Pittsburgh Logo
File #: 2005-1143    Version: 1
Type: Resolution Status: Passed Finally
File created: 3/8/2005 In control: Committee on Public Works & Environmental Services
On agenda: Final action: 3/22/2005
Enactment date: 3/22/2005 Enactment #: 191
Effective date: 4/1/2005    
Title: Resolution authorizing the Mayor, the Department of Public Works, Bureau of Environmental Services to reinstate a city rodent control program in coordination with the Allegheny County Health Department.
Sponsors: Douglas Shields, Gene Ricciardi, All Members
Indexes: MISCELLANEOUS
Attachments: 1. 2005-1143.doc
Presenter
Presented by Mr. Ravenstahl

Title
Resolution authorizing the Mayor, the Department of Public Works, Bureau of Environmental Services to reinstate a city rodent control program in coordination with the Allegheny County Health Department.
Body
WHEREAS, it is estimated that the United States has some 100,000,000 rats. Rats cause enormous economic loss, consuming or contaminating vast quantities of food and destroy property when they cause fires by gnawing the insulation from electric wires. Each rat damages between $1 and $10 worth of food and other materials per year, and contaminates 5 to 10 times more. Thus, rats may cost the United States between $500 Million and $1 Billion annually in terms of direct economic losses; and,

WHEREAS, Rats and mice are responsible for spread of diseases, either directly, as by contamination of human food or indirectly, by way of rodent fleas and mites. Diseases spread by rats include rat-bite fever, leptospi rosis salmonellosis, trichinosis, murine typhus fever plague, rickettsialpox, lymphocytic choriomeningitis; and,

WHEREAS, in any urban center, controlling rat populations is a matter of public health and is widely recognized as a municipal service function. To rely upon citizen action in controlling the rat populations is ineffective at best and potentially dangerous at worst due to inappropriate applications of poisons that pose a threat to protected wildlife and domesticated pets. Controlling rat populations, not individual rats, is the key to a successful rodent-control program in a community; and,

WHEREAS, the Allegheny County Department of Health (ACHD) requires municipal employees to be a certified municipal pest control operator (PCO) in order to place bait or use pesticide. The ACHD offers the required training program and provides annual continuing training needed to keep the certification up to date. Furthermore, the ACHD provides technical assistance in identification of food and shelter sources when municipalities encounter persistent rodent populations. The ACHD works with municipalities to develop a comprehensive plan of attack, including code enforcement, baiting and education and, provides bait to certified municipal PCOs at no charge; and,

WHEREAS, The City of Pittsburgh has, due to severe financial constraints, eliminated its Rodent Control program in order to adhere to the Act 47 Coordinator's Recovery Plan.

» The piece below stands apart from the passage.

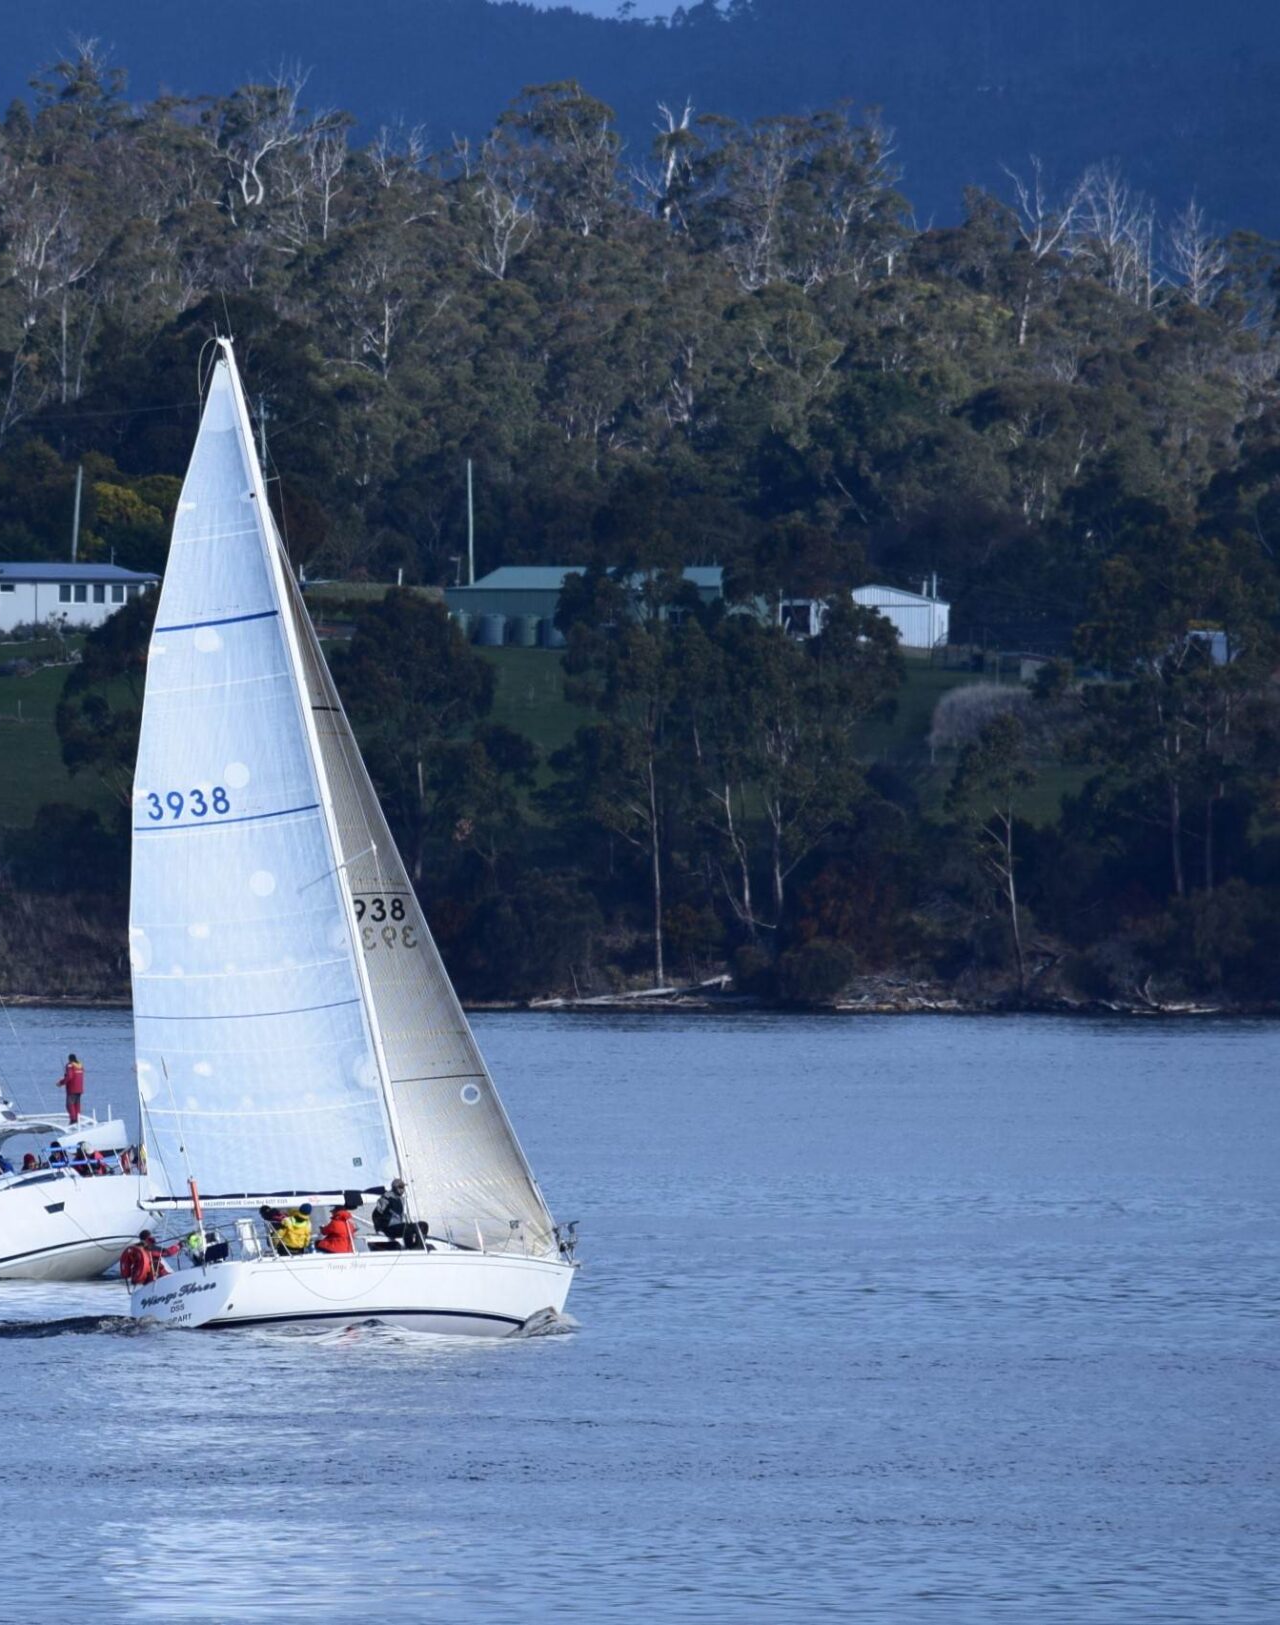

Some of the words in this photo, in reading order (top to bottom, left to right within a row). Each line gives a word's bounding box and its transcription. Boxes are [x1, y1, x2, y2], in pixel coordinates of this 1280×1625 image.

Be it resolved by the Council of the City of Pittsburgh as follows:

Section 1 Intent

It is the intent of the Council of the City of Pittsburgh to reinstate a city rodent control program in order to protect the public's health and welfare and do so within the restrictions of the fiscal restraints placed upon the city by its financial recovery plan.

Section 2 Authorization

The Mayor of the City of Pittsburgh is hereby authorized by the Council to take the following measures in order to reinstate a municipal rodent control program:

Take the appropriate administrative actions to allow for animal control officers to perform rodent control duties.
Act to have animal control officers appropriately trained and certified by the ACHD as certified municipal pest control operators (PCO) in order to place bait and/or use pesticides.
Develop the appropriate protocols, in cooperation with the ACHD, within the Department of Public Works, Bureau of Environmental Services to effectively manage and affect a rodent control program within the Bureau's Animal Control section.

Pursuant to the ACHD's rodent control policies, the city shall take full advantage of the technical support and supplies of pesticides offered to all municipalities in Allegheny County.